Tanpa mereka sadari, malam semakin larut dan suasana semakin intim. Percakapan mereka semakin dalam, dan Aria merasa ada koneksi yang kuat dengan Raka. Mereka berdua tertawa, berbagi cerita, dan akhirnya, tanpa sadar, saling mendekat.

Raka memandangi Aria dengan tatapan yang penuh arti. "Aria, aku merasa ada sesuatu yang istimewa tentang kamu," katanya dengan lembut.

Aria merasakan detak jantungnya semakin cepat. "Aku juga merasa begitu, Raka."

Tanpa banyak kata, Raka mendekat dan mencium Aria dengan lembut. Ciuman itu terasa hangat dan penuh perasaan. Mereka berdua terhanyut dalam momen itu, melupakan segala hal di sekitar mereka.

***

Keesokan paginya, Aria terbangun dengan perasaan campur aduk. Dia menatap langit-langit kamar hotelnya, mencoba mengingat kembali apa yang terjadi semalam. Dia dan Raka telah menghabiskan malam bersama, dan perasaan hangat masih terasa di hatinya. Namun, dia juga merasa sedikit cemas. Apakah ini hanya satu malam yang akan mereka lupakan, atau ada sesuatu yang lebih?

Saat dia bersiap-siap untuk hari kedua konferensi, ponselnya berdering. Itu pesan dari Raka.

"Good morning, Aria. Aku berharap bisa melihatmu lagi hari ini. Bisakah kita bertemu untuk sarapan?"

Aria tersenyum dan mengetik balasan. "Pagi, Raka. Tentu, aku akan segera ke restoran hotel."

Dia merasa senang dengan undangan itu. Mungkin ini adalah awal dari sesuatu yang baru dan indah.

***

Aria memasuki restoran hotel dan melihat Raka sudah duduk di meja, menunggunya. Dia tersenyum dan melambai padanya.

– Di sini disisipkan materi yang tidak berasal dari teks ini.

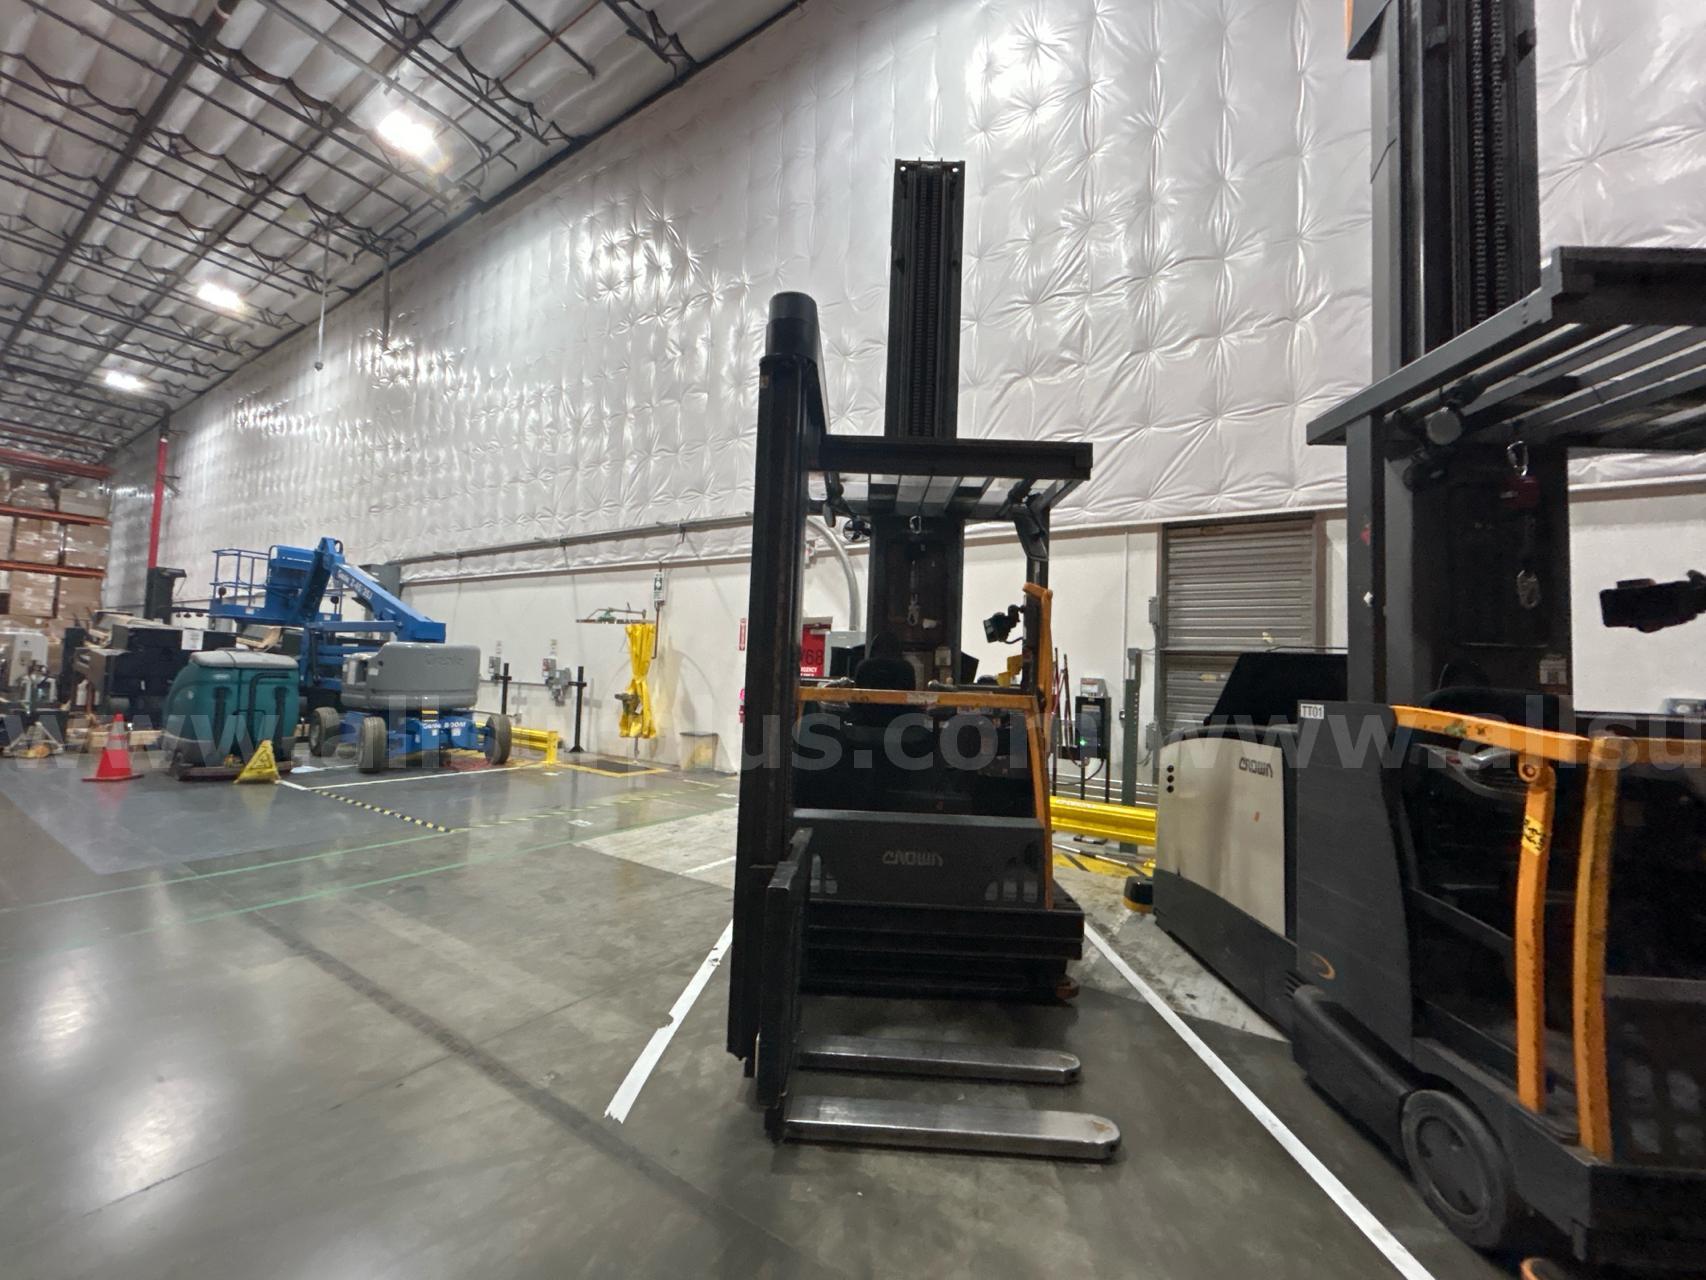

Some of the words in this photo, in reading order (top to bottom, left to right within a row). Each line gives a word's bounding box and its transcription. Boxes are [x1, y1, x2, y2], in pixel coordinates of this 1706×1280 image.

[1302, 705, 1323, 718] TT01
[1239, 757, 1273, 779] CROWN
[882, 850, 943, 867] CROWN

"Pagi, Raka," sapa Aria sambil duduk.

"Pagi, Aria. Kamu terlihat cantik pagi ini," kata Raka dengan senyum yang hangat.

"Terima kasih. Kamu juga terlihat segar," jawab Aria sambil tersenyum malu.

Mereka memesan sarapan dan mulai berbicara tentang rencana mereka untuk hari itu. Namun, suasana menjadi canggung ketika mereka mulai membahas malam sebelumnya.

"Aria, tentang semalam... Aku ingin memastikan bahwa kamu merasa nyaman dengan apa yang terjadi," kata Raka dengan hati-hati.

Aria merasakan jantungnya berdegup kencang. "Aku merasa baik-baik saja, Raka. Aku hanya tidak ingin ada kesalahpahaman di antara kita."

Raka mengangguk. "Aku juga merasa begitu. Aku benar-benar menikmati waktu bersamamu dan aku berharap ini bisa menjadi awal dari sesuatu yang lebih."

Aria tersenyum. "Aku juga berharap begitu, Raka."

Namun, di tengah percakapan mereka, sebuah pesan masuk ke ponsel Raka. Dia melihatnya sejenak dan wajahnya berubah serius.

"Maaf, Aria. Aku harus segera pergi. Ada sesuatu yang mendesak di kantor," kata Raka dengan nada cemas.

Aria merasa sedikit kecewa, tapi dia mengerti. "Tentu, Raka. Kita bisa bertemu lagi nanti."

Raka tersenyum dan berdiri. "Terima kasih, Aria. Aku akan menghubungimu nanti."

Aria mengangguk dan menatap Raka pergi dengan perasaan campur aduk. Dia berharap bahwa pertemuan mereka bukan hanya sekadar kebetulan, tapi ada sesuatu yang lebih di antara mereka.

***

Sepanjang hari, Aria merasa sulit untuk fokus pada sesi konferensi. Pikirannya terus melayang pada Raka dan malam indah yang mereka habiskan bersama. Namun, dia juga merasa ada sesuatu yang mengganjal. Kenapa Raka tiba-tiba pergi dengan tergesa-gesa? Apakah ada sesuatu yang dia sembunyikan?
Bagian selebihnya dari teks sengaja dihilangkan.